Gueniffey shares Marsily’s frustration about Napoleon’s embarrassing depiction. “When Kubrick was working on his Napoleon, he said he wanted to know how such an intelligent man could have been beaten so totally, and he would have probably answered that question in his film; but when you watch Ridley Scott’s movie, you just wonder how such a moron could have been such a renowned political and military strategist.” In reality, Gueniffey says, Napoleon was so charismatic than even those who hated him, like Madame de Staël, were fascinated. Madame de Stael described him as having “a seductive smile and a chilly gaze.”

Gueniffey says Scott also failed to delve into the “most captivating chapter of French history that spanned from the French Revolution to Napoleon’s Empire and introduced a plethora of exceptional characters.”

While Marsily didn’t mind the fictional bombing of the pyramids, he was bothered by the scene showing Napoleon on a mission to escape his exile in Elba in order to reunite with Josephine in France when in fact “she was already dead for several months by the time he got out.”

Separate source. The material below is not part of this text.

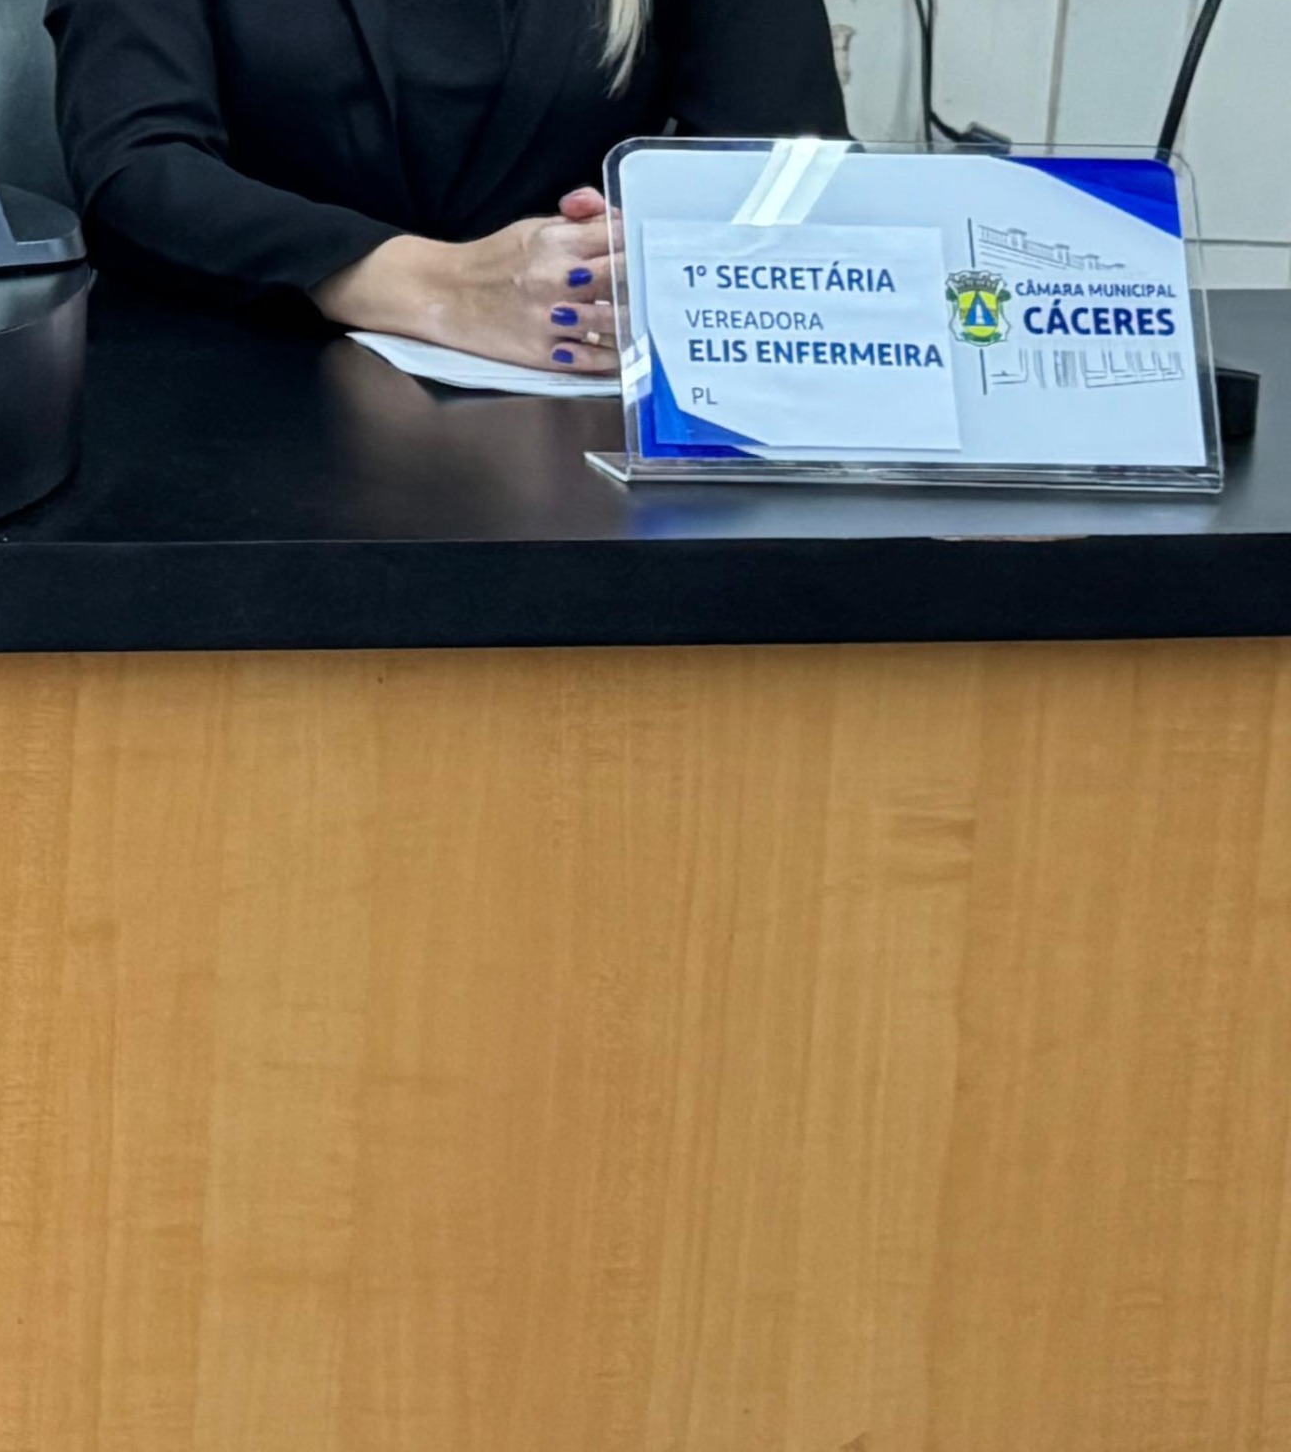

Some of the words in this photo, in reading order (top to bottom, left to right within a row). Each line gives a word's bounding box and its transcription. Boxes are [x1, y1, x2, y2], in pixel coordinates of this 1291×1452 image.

Marsily also says the ending of the movie that gives the number of casualties during the Napoleonic Wars is “shocking” and “totally ridiculous.” He explains, “Unfortunately during those times, wars caused a lot of deaths.”

Both Marsily and Gueniffey lament that no French director has ever tackled Napoleon with a proper biopic. The last French movie centered around Napoleon, Antoine de Caunes’ “Monsieur N.,” which came out 20 years ago, is a totally fictitious story set during the last years of Napoleon during his exile on the island of St Helena. But the historians are more forgiving towards that film than Scott’s “Napoleon,” because at least, “it doesn’t pretend to be the ultimate ‘Napoleon’ movie, and it gives a real sense of Napoleon’s spirit and personality,” says Gueniffey.

The last historical movie that unleashed comparable reactions in France is Mel Gibson’s “The Passion of the Christ,” says Gueniffey, but “nowhere near the backlash that ‘Napoleon’ has earned.”

After all though, wasn’t it Napoleon himself who famously said, “History is a set of lies that people have agreed upon”?